Let’s look at the most common factors that influence bullying from a family, personal and behavioural perspective. Familiarising yourself with these factors will not only help you identify why bullying is occurring, but also help you improve the environment so that bullying is minimised. 


Sometimes a person’s family will influence their bullying behaviour. Here are a few family issues that contribute to bullying. 

Witnessing or Experiencing abuse – Children from abusive homes are more likely to bully than other children because aggression, violence and manipulation are a part of a normal day for them. When I run taekwondo lessons in schools and see that a school student is angry a lot and lashing out at other students, I try not to automatically assume the worst. If I witness this behaviour at school, I bring it to the attention of the school and the school normally digs a little deeper to find out what is going on. Sometimes the child may need more support and guidance rather than disciplinary action for their bullying behaviours. Sometimes I ask permission to talk to the child and give the child a different perspective and hopefully calm them down.

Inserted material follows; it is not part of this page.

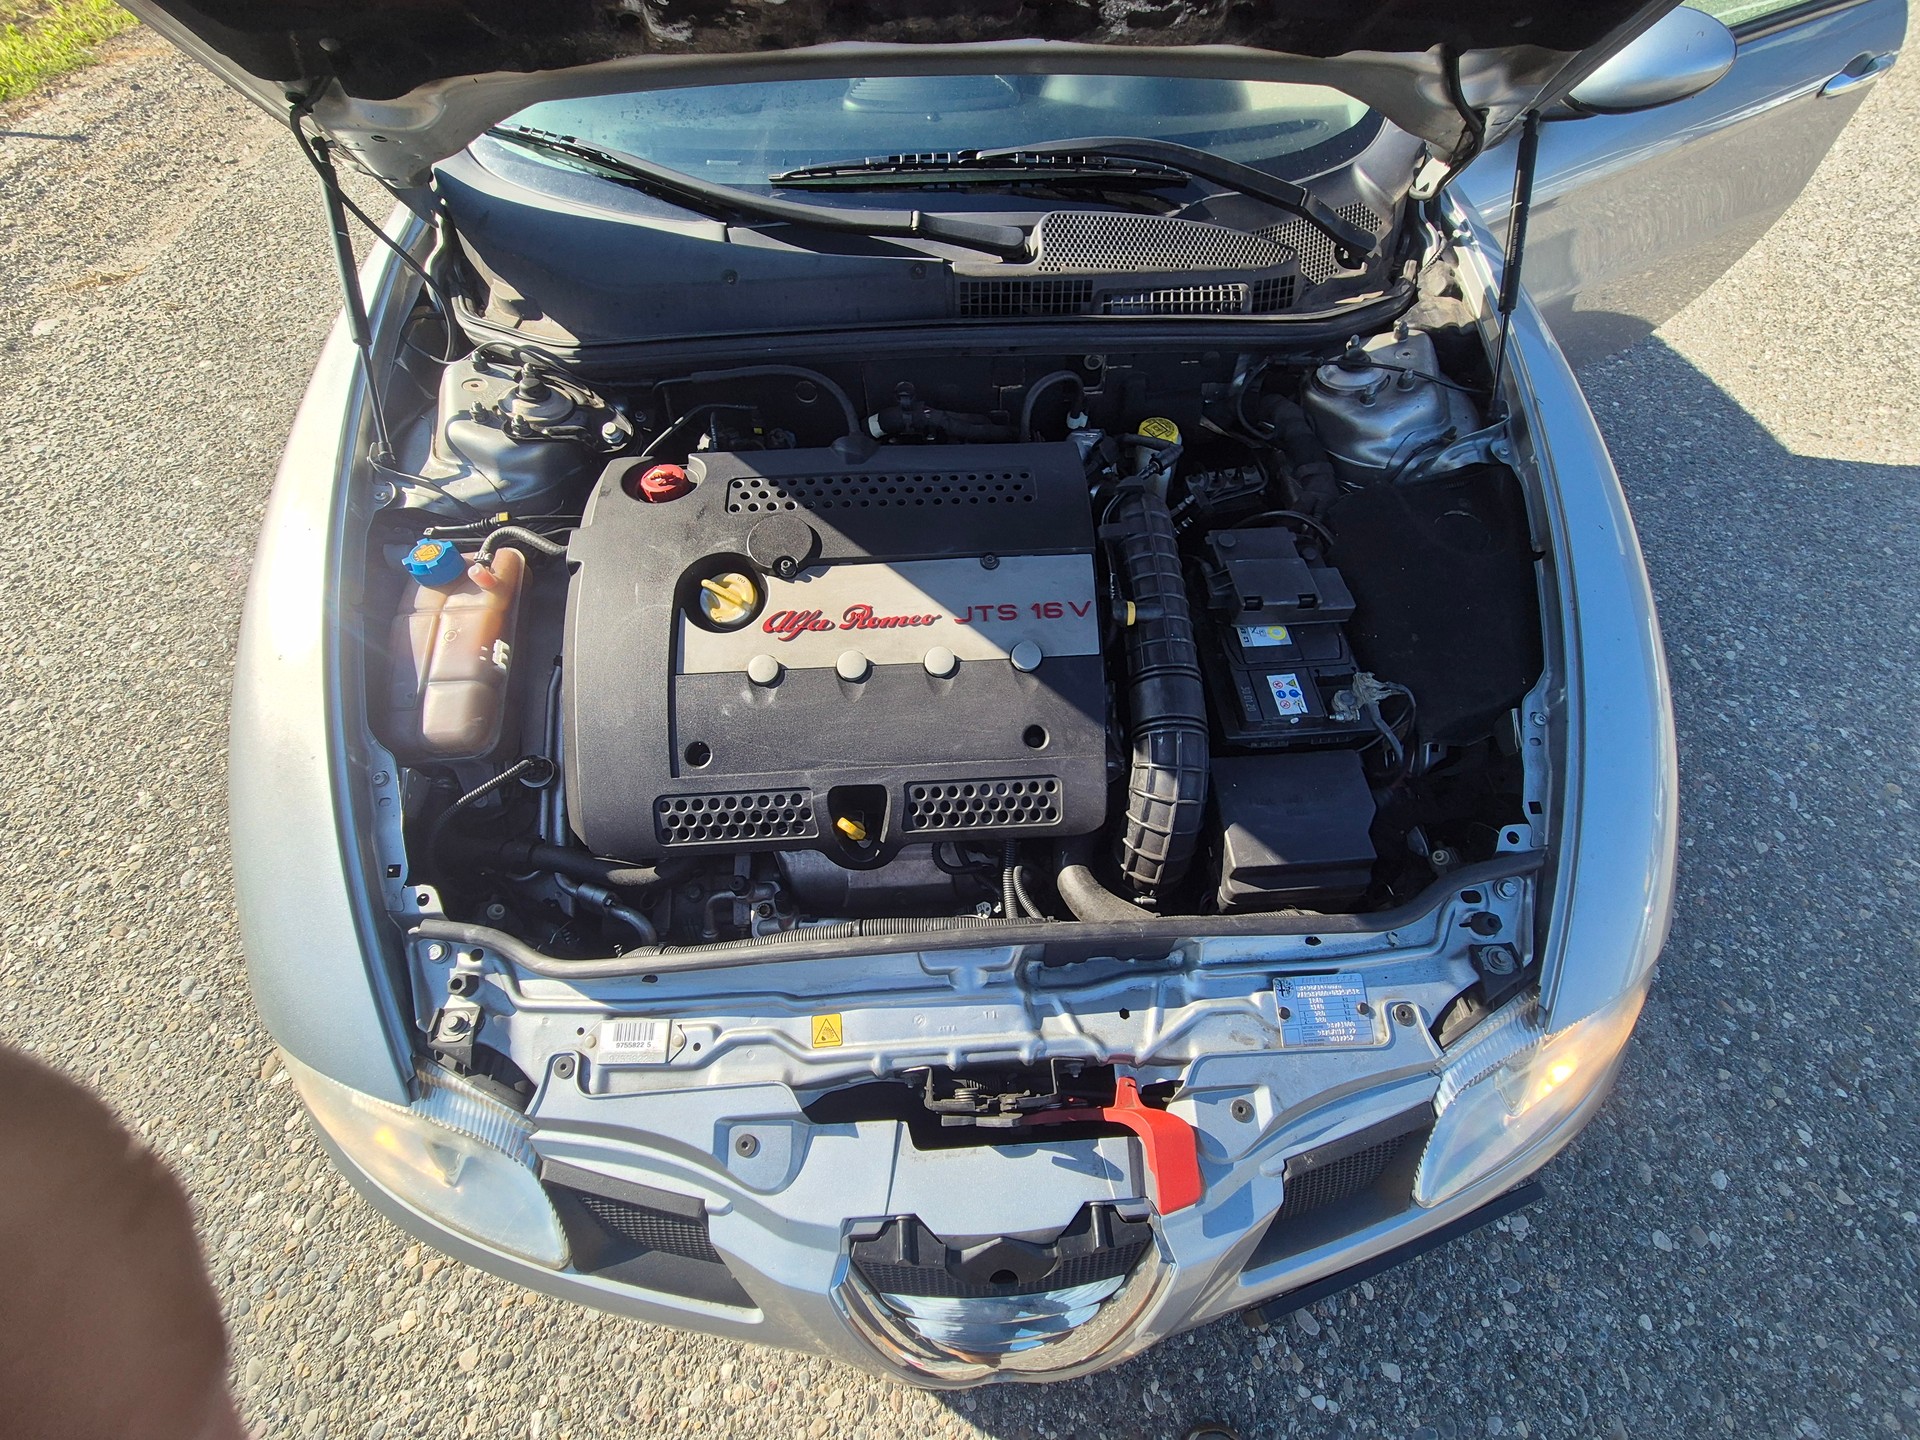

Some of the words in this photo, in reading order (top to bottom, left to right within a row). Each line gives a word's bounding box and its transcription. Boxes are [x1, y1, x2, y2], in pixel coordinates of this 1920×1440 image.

Having permissive parents – When parents do not establish rules for their children or provide adequate supervision, their children often resort to bullying. What’s more, permissive parents are less likely to follow through with consequences or attempt to stop the bullying. The lack of relationship between the child and their parents can create all types of issues, including bullying behaviour. If you find that your child has trouble following rules, I recommend finding a local martial arts club and enrolling your child. We provide a fun and inclusive environment, but with firm rules and discipline and always encourage our children to show love and respect to their parents. Some parents have given me feedback where they have used my name to help control the situation. ‘Now what would Master Paul say about that?’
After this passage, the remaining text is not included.